On November 5th, Kidjo headlines a multi-performer Carnegie Hall tribute to the iconic Miriam Makeba.

As a young girl in Benin, Kidjo loved African music as well as American soul and jazz, but looking around, she didn't see women making music. "I was like, 'Do you have to be a man to be on the cover of a record album?'" she said. "I'm going to have to change my sex to be a musician." Then she saw Makeba's picture on a record cover and saw a path for herself as an African singer.

At the upcoming Carnegie Hall show, she will perform Makeba songs and her own, and will share the stage with Whoopi Goldberg, Ezra Koenig of Vampire Weekend, South African singer Vusi Mahlasela and Makeba's back-up singers. The show is part of Carnegie Hall's sprawling Ubuntu festival, which highlights the music and culture of South Africa.

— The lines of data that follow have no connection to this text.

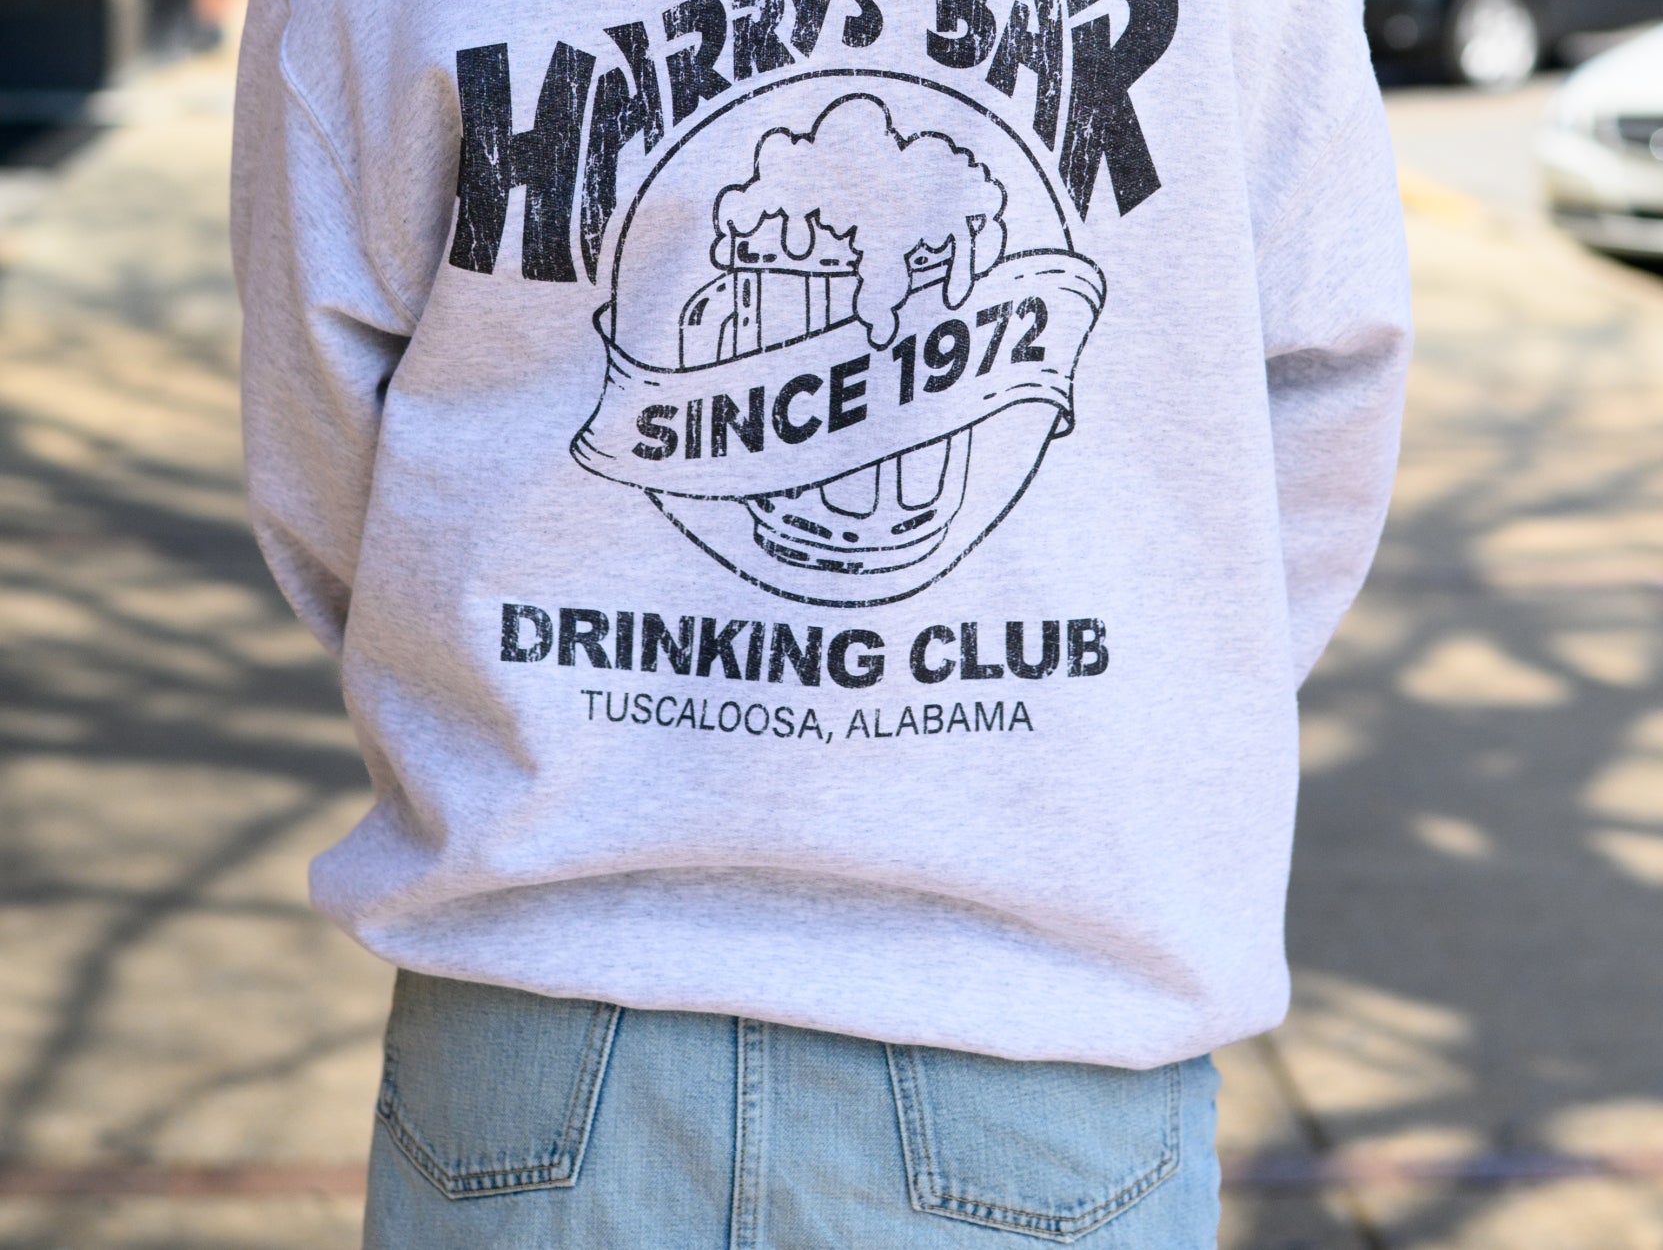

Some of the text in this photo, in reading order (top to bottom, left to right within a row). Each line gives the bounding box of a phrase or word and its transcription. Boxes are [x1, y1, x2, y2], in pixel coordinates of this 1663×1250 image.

[631, 296, 1048, 461] SINCE 1972
[500, 603, 1109, 689] DRINKING CLUB
[581, 690, 1034, 744] TUSCALOOSA, ALABAMA
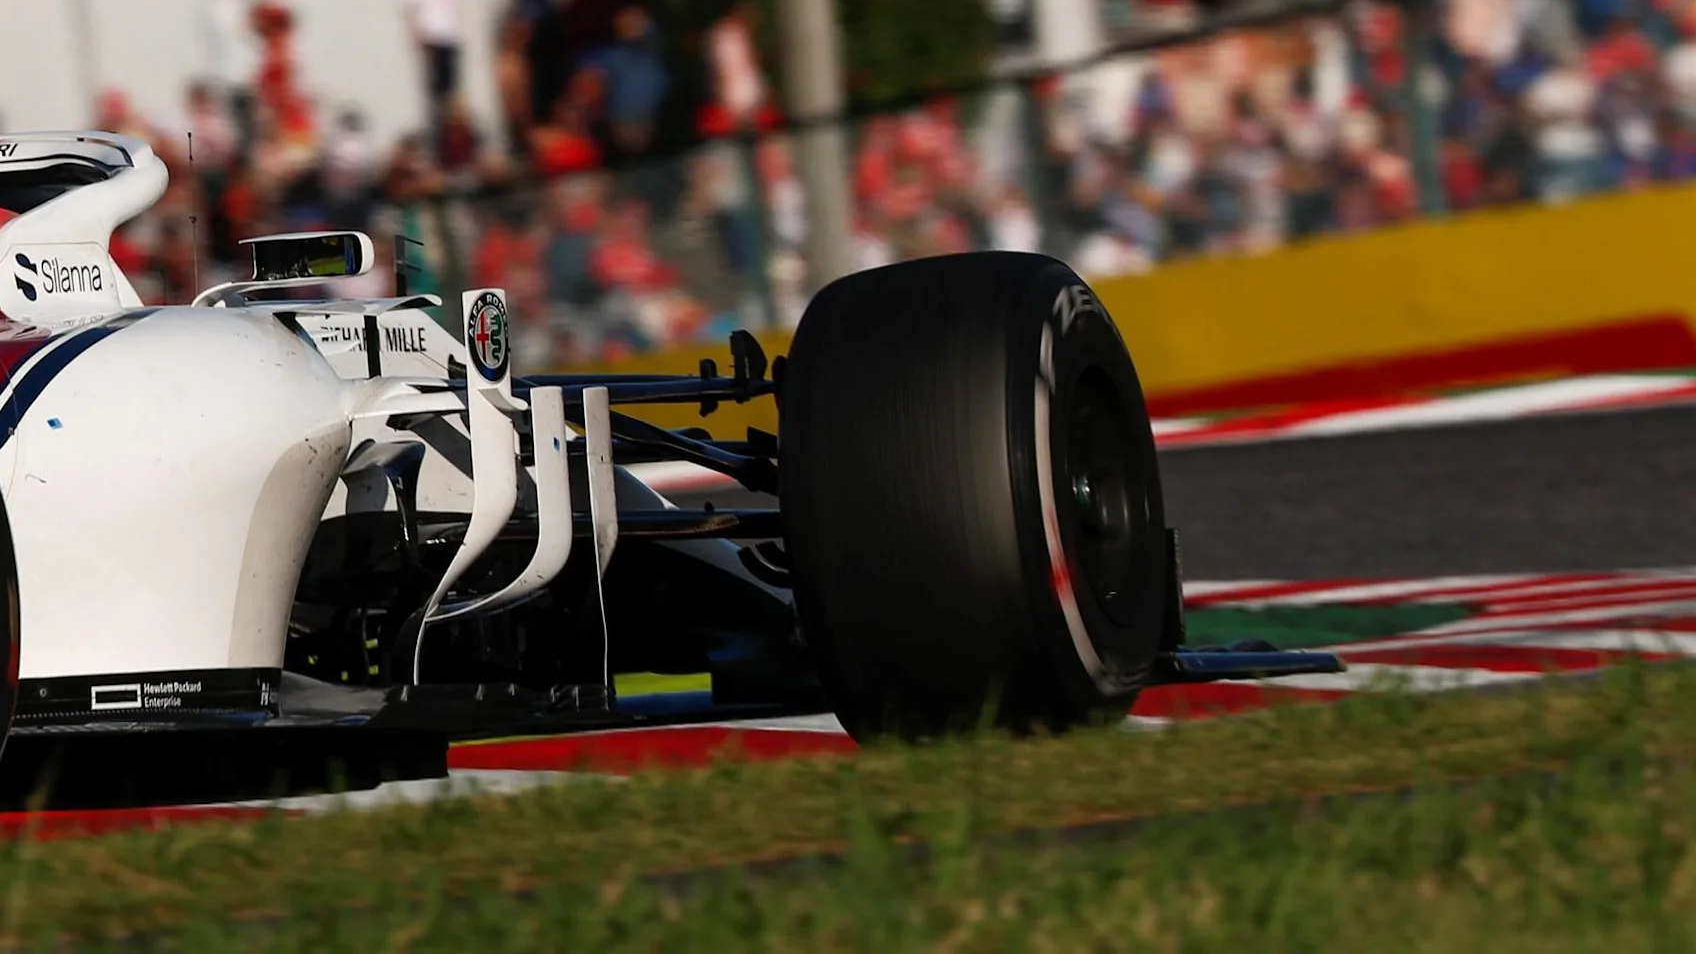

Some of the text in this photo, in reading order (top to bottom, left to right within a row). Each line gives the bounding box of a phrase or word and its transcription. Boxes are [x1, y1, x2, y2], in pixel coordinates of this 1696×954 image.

[41, 257, 103, 294] Silanna
[385, 327, 427, 353] MILLE
[144, 696, 182, 710] Enterprise

Kidjo's latest album, on 429 Records, "Eve," is named for her mother and, she said, aims to celebrate African women and give them voice. Kidjo did just that by recording groups of female singers in villages in Benin and Kenya and then incorporating them into her contemporary electrified pop performed by a stellar core ensemble, including Lionel Loueke and Christian McBride, as well as guests such as Dr. John, the Kronos Quartet and Romero Lubambo . The album, one of Kidjo's strongest and most consistently propulsive efforts, actually arises from some tragic circumstances.

The inspiration for the album came after Kidjo visited women in refugee camps near the troubled Darfur region. "I wanted to hear their story - and it has impacted my sleep until today....The women care for their kids, they care for the country. They are the backbone of the African continent."

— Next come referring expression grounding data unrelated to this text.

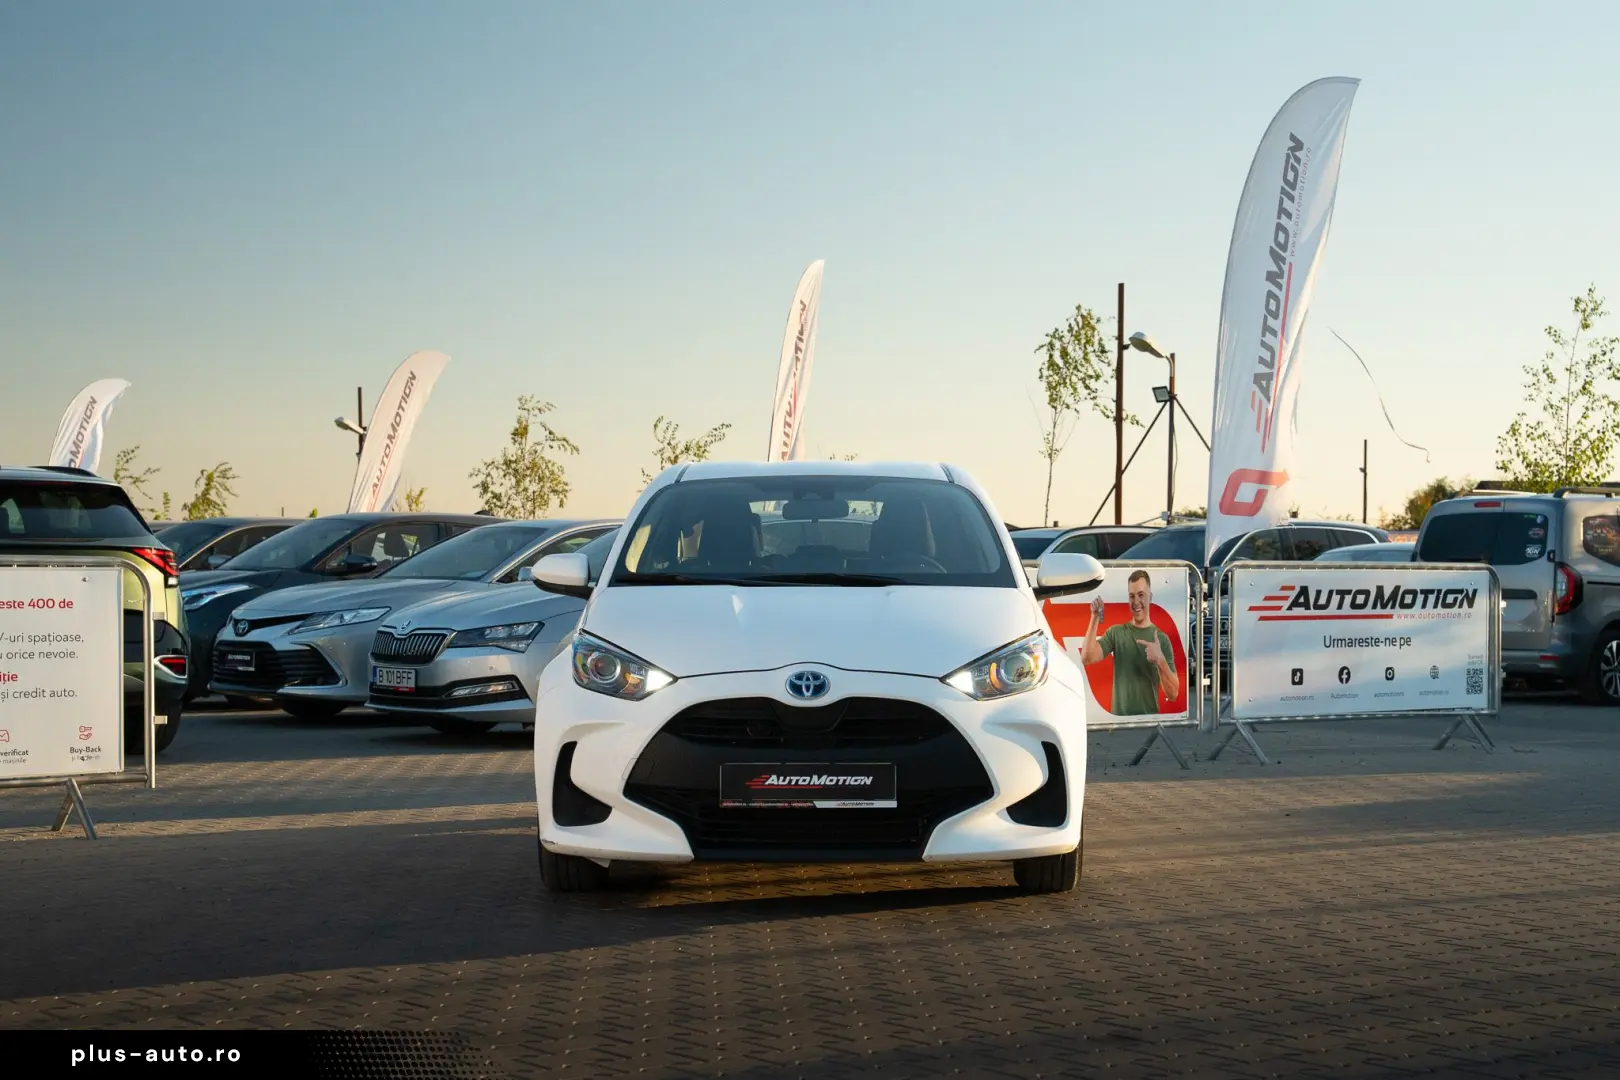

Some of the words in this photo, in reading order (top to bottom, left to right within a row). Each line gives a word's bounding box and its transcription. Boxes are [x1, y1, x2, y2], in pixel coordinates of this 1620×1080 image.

[28, 598, 55, 609] 400
[58, 598, 73, 609] de
[1397, 612, 1472, 620] www.automotion.ro
[28, 632, 84, 646] spațioase,
[1323, 635, 1397, 648] Urmareste-ne
[1399, 636, 1412, 650] pe
[6, 649, 35, 660] orice
[39, 649, 79, 659] nevoie.
[379, 670, 384, 683] B
[12, 687, 46, 699] credit
[49, 688, 78, 698] auto.
[70, 746, 102, 755] Buy-Back
[764, 774, 873, 785] AUTOMOTION

She later went to Kenya to learn about childhood malnutrition and its impact on society there. "They saw me coming, completely wrecked," she said of the Kenyan women in one village. "They started singing." She got shivers and thought: "This is the voice of the African women."

Kidjo later took a boombox and recorder to villages to record women. She said the hardest part was getting them to take money. As usual, Kidjo would not take no for an answer. "They said, 'We owe you more than you owe us.' And I said, 'It's not even discuss-able. If you don't take the money, I'm walking out of here.'"

She added: "All I want is when [Westerners] are talking about Africa for them to have in mind that those women have a voice that needs to be heard."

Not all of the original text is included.